I am fortunate never to have been plagued by persistent, severe, or long-term anxiety about anything. Until November 8, 2016. Even as much as a year before that, I had begun to experience periodic mild unease after realizing the high likelihood that my fellow Americans were, or at least our predominantly older, white, male Electoral College was, going to make the mistake of electing a lying, cheating, philandering, fearmongering, hate-spewing bully as our leader and the public face of our country.
Y’all may not realize it since I am naturally a positive and upbeat person and rarely engage in overt political speech on social media, but since that sad day, I have been frequently distressed, dismayed, and disturbed by the actions of the administration of our Liar In Chief. I believe it’s safe to say that, if I were to seek treatment, I would be diagnosed as suffering from some form of anxiety disorder and would probably be given a prescription for medication to relieve it.
Since that sad day, I have drunk more whiskey more often than I should. Not to the point that it’s interfering with my ability to function as a responsible, productive citizen and effective husband to The Boss and good father to The Girl and The Boy, but more than I had been in the habit of drinking beforehand and more than I am comfortable with consuming in the long term.

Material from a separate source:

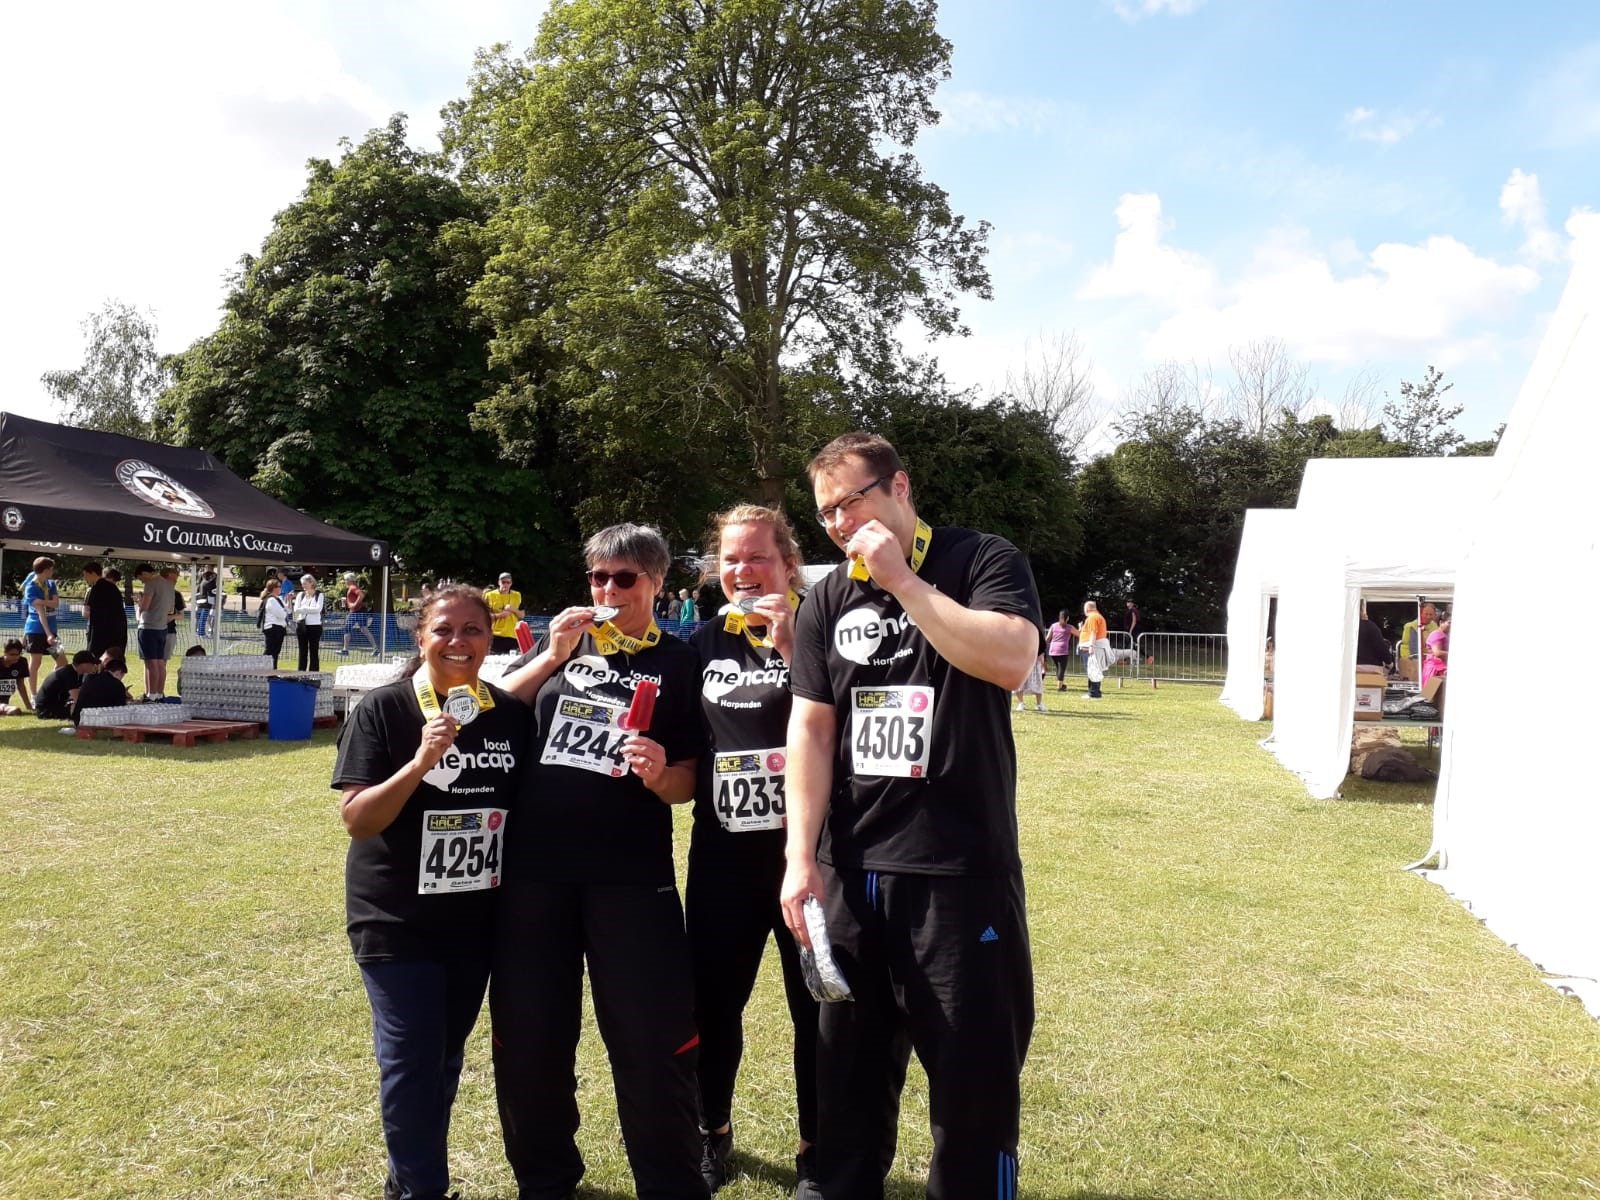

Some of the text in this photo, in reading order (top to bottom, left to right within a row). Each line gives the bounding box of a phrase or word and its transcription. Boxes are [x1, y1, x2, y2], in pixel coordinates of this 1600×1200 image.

Since that sad day, I have experienced anxiety in ways that I never had before. My chest hurts too often. I struggle to get out of bed without hitting the snooze button on my alarm. I have occasionally had trouble motivating myself to attack a pile of files at work. I have found myself becoming too easily angered by things that some of my friends post to Facebook. To my great shame, I have had to work hard not to be angry at my mother, who raised me and imparted her values and sensibilities to me but who voted for the man who puts the bully in “bully pulpit.”
I am not a partisan. I am not a card-carrying member of either party. I am as likely to vote for a Republican as I am for a Democrat, but not this year. I do not put political signs in my yard or on my vehicle. I am not a radical anything. I am a left-leaning moderate who favors fiscal responsibility and the freedom of all citizens to make their own personal choices about how to live as long as they seek not to harm others. But I have come to despair that we are in danger of losing those freedoms. I have come to despair that we are teetering on the brink of permanently handing those freedoms and our power to a tiny portion of the wealthiest, most corrupt segment of our population, not all of whom are Republicans.
I do not hate our President. I love him and pity him and am sad that he was unable to overcome his vilest behavioral impulses after he was inaugurated. But I beg you, Bloggers, to get out and vote today if you haven’t already. Vote responsibly and with care and with your mind on the future of the country you love. Vote with the sincere desire to repudiate the racist, isolationist, unreliable, irresponsible, bigoted, feckless image of America as it has been mischaracterized by our Twit In Chief since 11/8/16. Hell, I’m not proud, vote with me in mind. Help me recover from my two-year bout of crushing anxiety.
My sister-in-law shared a YouTube video with me today that inspired me, made me cry, and allowed me to permit myself to have a bit of hope for the future. It’s a cover of Leonard Cohen’s “Democracy” by Neil Gaiman and Amanda Palmer. If, like me, y’all’re feeling hopeless and anxious about the results of today’s midterm elections, I hope you’ll give it a listen here. I’m going to watch it again this evening, avoid the news, and go to bed early and hope that I am able to sleep, though that, too, is something I’ve been having a hard time with lately. I will fervently hope that, when I awaken tomorrow, I have reason to begin once more to have hope for the future of my country.
I love y’all. Take care, be kind, and live well.